As an artist who is still working to learn basic oil painting skills, nothing pleases me more than coming away from a painting session with something I actually like. I smile when I see this Summer Leaves painting:
This is a small painting. It’s on a 5 x 7 canvas panel, and even though I like it now, I do plan to “tweak” it just a bit, but that will happen later. The main reason I want to touch it up a bit is because of that weird-looking “skeletal face” in the center at the right. See it? I didn’t notice it until I’d ended my painting session.
May I tell you a little about this painting experience? Thanks! I love sharing the stories of my paintings, especially the ones I like.
This painting didn’t get off to a very good start — which makes me like it all the more. It was painted en plein aire, outside on our front porch. Now, if you’ve read much of this blog, you know I’m not comfortable with painting en plein aire. I’ve been encouraged to give it a try, but I’m always able to find one reason or another why it’s just not something I want to do.
While painting outside isn’t something I enjoy, I do love drawing and sketching outside. I try to schedule a little outside time at least two or three days each week. This morning, I decided to push myself a bit and instead of taking my sketch pad and pencils, I gathered up my oil paints and prepared for a plein aire painting session on my porch.
It was frustrating. It had rained last night. Actually, it had poured. The porch chairs were soaked. I had to run inside for a towel. Even with the barest minimum of supplies — a set of water-soluble oils, a small canvas, five paintbrushes, a jar of water, my easel, a drawing pencil… yikes! I consider those the bare minimum, but what a long list it is. And that wasn’t even all. Once I started setting up, I realized I’d forgotten a palette, and I definitely needed old rags.
At last, I settled into my chair, all the while wondering exactly what it was that I was going to paint. We don’t live in a scenic neighborhood. We have some lovely areas within walking distance, but I wasn’t going anywhere. I was determined to sit there on my wet porch and find something to paint. As you might be guessing, I really wasn’t in much of a painting mood. Trying to work en plein aire does that to me. I came into the experience figuring I’d do a half-hearted job of painting some not-very-intriguing corner of the porch, a scraggly bush in the yard, or… well, something!
But what? I cast a glance around, and the only thing of beauty to be seen were the tops of the trees above a neighbor’s roof. Well, why not? I used my camera first to take a shot of the area I wanted to paint. I cropped it a bit, and never mind that these trees weren’t rooted in the ground. I was the artist. I could take those trees and put them anywhere I wanted.
Even then, I didn’t expect this little painting to be anything worth writing about. But I’d promised myself to give it a try, and I promised to do my best. I just didn’t expect much from my efforts.
I used a drawing pencil to sketch out the basic shapes of the main tree limbs. I tried adding in shapes to show how the boughs of leaves fell here and there. Was I being truly serious about it? Not really. I was doing my best, but I really wasn’t at all sure how to go about drawing these Summer Leaves with graphite on my canvas panel.

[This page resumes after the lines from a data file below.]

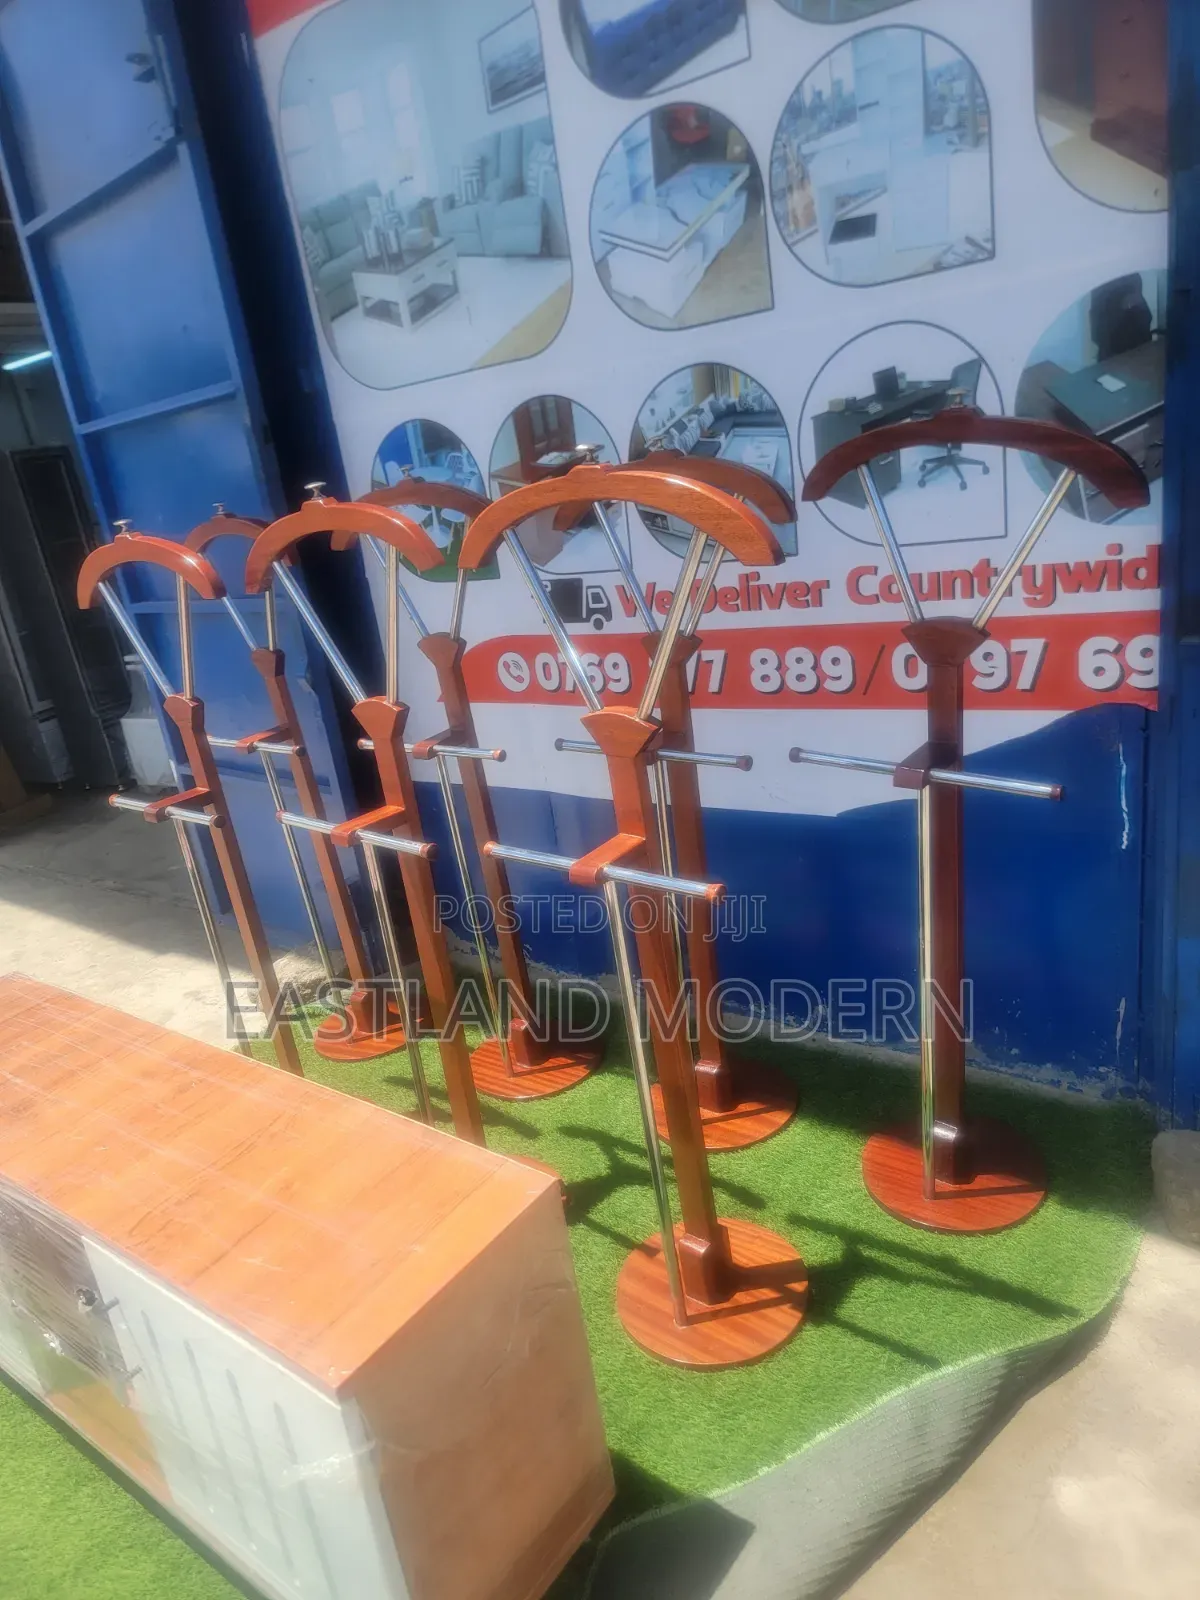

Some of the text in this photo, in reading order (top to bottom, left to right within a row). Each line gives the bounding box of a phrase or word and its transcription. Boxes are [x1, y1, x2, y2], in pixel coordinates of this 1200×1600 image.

[615, 582, 674, 618] We
[691, 571, 830, 614] Deliver
[750, 645, 856, 694] 889
[891, 638, 1049, 692] 097
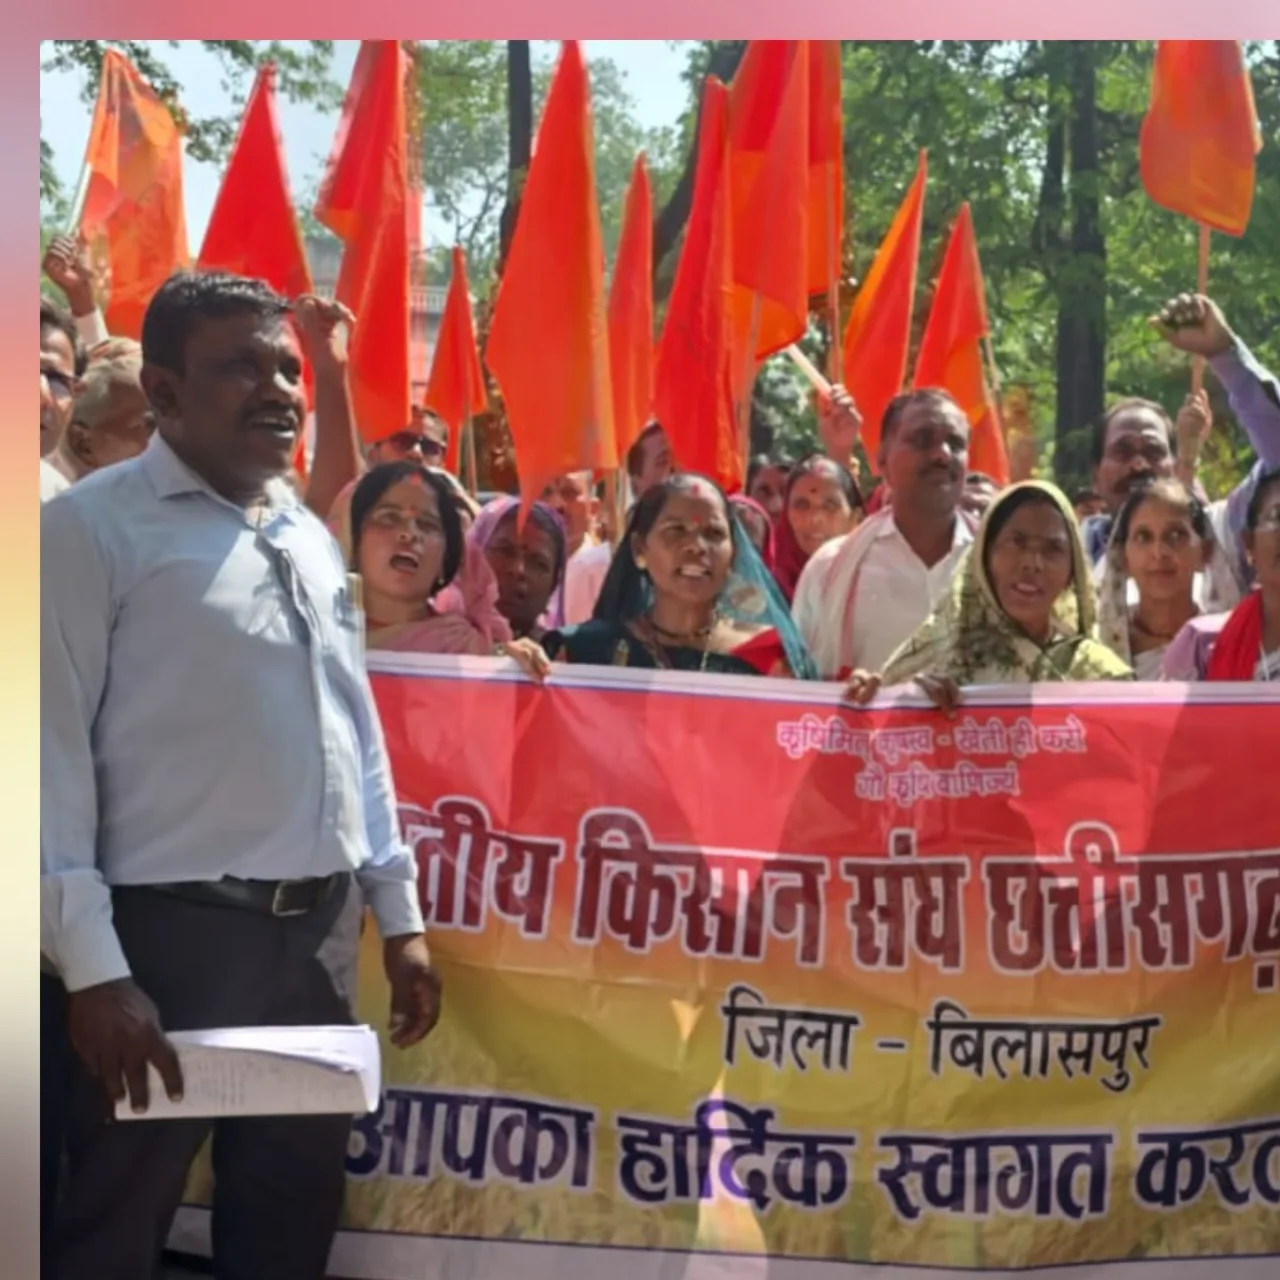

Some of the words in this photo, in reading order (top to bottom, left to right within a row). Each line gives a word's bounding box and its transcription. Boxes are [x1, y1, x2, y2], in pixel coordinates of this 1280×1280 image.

[397, 797, 563, 936] तीय
[576, 808, 828, 965] किसान
[842, 829, 968, 971] संघ
[722, 986, 858, 1070] जिला
[927, 1002, 1160, 1092] बिलासपुर
[345, 1089, 595, 1182] आपका
[616, 1100, 856, 1209] हार्दिक
[877, 1135, 1113, 1220] स्वागत

I kept going. I knew I needed to think about light, so I looked closely, finding places where little patches of sunlight fell against the darker areas. I looked, too, at the shadows and noted where they fell.
Finally my sketch was complete. And then came the moment of truth. I had a somewhat interesting — almost fanciful — drawing on my canvas, but what in the heck was I supposed to do with it?
Oh-oh! That was when I realized that in all my scribbling to capture the beauty of these summer leaves, I’d completely forgotten about the sky. Could I see sky holes through the branches? Yes, of course, but I’d neglected to show them in my drawing.
For heaven’s sake, what sort of artist am I? How does one forget sky holes? Well, that’s easy enough for me. I tend to do it often. But this time, I decided to find a way around the problem, and I chose to start with a pale blue. I dabbled the paint here and there around the trees. And I loved what I was seeing.
All the while I’d been grumbling to myself and fretting about how to paint this scene, my brain had been envisioning colors and shapes. Imagine that! I knew what I wanted to do. I wasn’t sure how it would turn out, but I had fun bringing my creative vision to life.
Maybe I don’t have all the lights and shadows just right, and there is that distracting skeletal face lurking in the painting. I’ll take care of the face, at least, but I’m not going to worry much about the lights and shadows.
I like this little painting. It turned out the way I’d envisioned it, and it does, indeed, bring a smile to my face. I hope you like it, too!